### Exercise input
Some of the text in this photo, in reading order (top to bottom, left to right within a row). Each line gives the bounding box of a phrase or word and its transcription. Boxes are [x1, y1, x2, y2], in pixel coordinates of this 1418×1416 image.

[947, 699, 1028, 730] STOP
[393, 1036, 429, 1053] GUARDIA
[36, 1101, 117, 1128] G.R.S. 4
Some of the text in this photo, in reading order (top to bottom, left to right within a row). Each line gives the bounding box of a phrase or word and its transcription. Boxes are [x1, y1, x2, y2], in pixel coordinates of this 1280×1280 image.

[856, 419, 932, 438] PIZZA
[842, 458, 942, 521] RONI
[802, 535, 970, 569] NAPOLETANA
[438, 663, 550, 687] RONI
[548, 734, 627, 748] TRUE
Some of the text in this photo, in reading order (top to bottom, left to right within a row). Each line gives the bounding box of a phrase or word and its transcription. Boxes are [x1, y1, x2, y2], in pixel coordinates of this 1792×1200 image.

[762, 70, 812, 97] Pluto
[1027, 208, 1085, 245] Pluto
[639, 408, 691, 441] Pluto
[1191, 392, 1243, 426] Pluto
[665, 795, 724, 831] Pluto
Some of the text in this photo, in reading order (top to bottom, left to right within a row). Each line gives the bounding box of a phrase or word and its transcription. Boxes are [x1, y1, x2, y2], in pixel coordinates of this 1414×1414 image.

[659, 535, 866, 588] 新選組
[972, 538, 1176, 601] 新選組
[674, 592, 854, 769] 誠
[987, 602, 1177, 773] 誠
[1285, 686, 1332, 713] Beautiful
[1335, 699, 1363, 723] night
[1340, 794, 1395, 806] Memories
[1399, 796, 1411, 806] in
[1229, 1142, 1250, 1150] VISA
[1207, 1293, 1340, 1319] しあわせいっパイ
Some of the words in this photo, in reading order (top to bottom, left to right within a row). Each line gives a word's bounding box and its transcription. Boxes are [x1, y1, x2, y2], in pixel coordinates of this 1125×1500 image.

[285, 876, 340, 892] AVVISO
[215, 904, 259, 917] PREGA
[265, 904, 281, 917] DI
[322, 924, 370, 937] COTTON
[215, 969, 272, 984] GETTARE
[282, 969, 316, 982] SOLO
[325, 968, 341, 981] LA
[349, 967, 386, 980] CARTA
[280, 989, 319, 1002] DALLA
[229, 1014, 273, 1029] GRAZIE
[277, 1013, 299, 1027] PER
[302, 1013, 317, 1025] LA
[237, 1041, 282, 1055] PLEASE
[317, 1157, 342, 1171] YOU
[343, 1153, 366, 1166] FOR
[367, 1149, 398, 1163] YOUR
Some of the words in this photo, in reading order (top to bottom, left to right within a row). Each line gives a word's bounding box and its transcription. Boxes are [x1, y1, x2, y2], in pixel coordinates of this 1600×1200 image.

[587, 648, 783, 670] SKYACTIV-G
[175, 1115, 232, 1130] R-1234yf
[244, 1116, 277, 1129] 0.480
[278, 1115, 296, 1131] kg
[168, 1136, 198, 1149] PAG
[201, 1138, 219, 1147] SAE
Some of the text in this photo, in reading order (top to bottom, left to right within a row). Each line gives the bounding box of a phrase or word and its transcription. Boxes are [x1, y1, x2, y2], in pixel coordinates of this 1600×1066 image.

### What is required
All entries above should be duplicated exactly, none omitted.

### Response to the exercise
Some of the text in this photo, in reading order (top to bottom, left to right within a row). Each line gives the bounding box of a phrase or word and its transcription. Boxes are [x1, y1, x2, y2], in pixel coordinates of this 1418×1416 image.

[947, 699, 1028, 730] STOP
[393, 1036, 429, 1053] GUARDIA
[36, 1101, 117, 1128] G.R.S. 4
Some of the text in this photo, in reading order (top to bottom, left to right within a row). Each line gives the bounding box of a phrase or word and its transcription. Boxes are [x1, y1, x2, y2], in pixel coordinates of this 1280×1280 image.

[856, 419, 932, 438] PIZZA
[842, 458, 942, 521] RONI
[802, 535, 970, 569] NAPOLETANA
[438, 663, 550, 687] RONI
[548, 734, 627, 748] TRUE
Some of the text in this photo, in reading order (top to bottom, left to right within a row). Each line gives the bounding box of a phrase or word and its transcription. Boxes are [x1, y1, x2, y2], in pixel coordinates of this 1792×1200 image.

[762, 70, 812, 97] Pluto
[1027, 208, 1085, 245] Pluto
[639, 408, 691, 441] Pluto
[1191, 392, 1243, 426] Pluto
[665, 795, 724, 831] Pluto
Some of the text in this photo, in reading order (top to bottom, left to right within a row). Each line gives the bounding box of a phrase or word and its transcription. Boxes are [x1, y1, x2, y2], in pixel coordinates of this 1414×1414 image.

[659, 535, 866, 588] 新選組
[972, 538, 1176, 601] 新選組
[674, 592, 854, 769] 誠
[987, 602, 1177, 773] 誠
[1285, 686, 1332, 713] Beautiful
[1335, 699, 1363, 723] night
[1340, 794, 1395, 806] Memories
[1399, 796, 1411, 806] in
[1229, 1142, 1250, 1150] VISA
[1207, 1293, 1340, 1319] しあわせいっパイ
Some of the words in this photo, in reading order (top to bottom, left to right within a row). Each line gives a word's bounding box and its transcription. Boxes are [x1, y1, x2, y2], in pixel coordinates of this 1125×1500 image.

[285, 876, 340, 892] AVVISO
[215, 904, 259, 917] PREGA
[265, 904, 281, 917] DI
[322, 924, 370, 937] COTTON
[215, 969, 272, 984] GETTARE
[282, 969, 316, 982] SOLO
[325, 968, 341, 981] LA
[349, 967, 386, 980] CARTA
[280, 989, 319, 1002] DALLA
[229, 1014, 273, 1029] GRAZIE
[277, 1013, 299, 1027] PER
[302, 1013, 317, 1025] LA
[237, 1041, 282, 1055] PLEASE
[317, 1157, 342, 1171] YOU
[343, 1153, 366, 1166] FOR
[367, 1149, 398, 1163] YOUR
Some of the words in this photo, in reading order (top to bottom, left to right within a row). Each line gives a word's bounding box and its transcription. Boxes are [x1, y1, x2, y2], in pixel coordinates of this 1600×1200 image.

[587, 648, 783, 670] SKYACTIV-G
[175, 1115, 232, 1130] R-1234yf
[244, 1116, 277, 1129] 0.480
[278, 1115, 296, 1131] kg
[168, 1136, 198, 1149] PAG
[201, 1138, 219, 1147] SAE
Some of the text in this photo, in reading order (top to bottom, left to right within a row). Each line gives the bounding box of a phrase or word and its transcription. Boxes are [x1, y1, x2, y2], in pixel coordinates of this 1600×1066 image.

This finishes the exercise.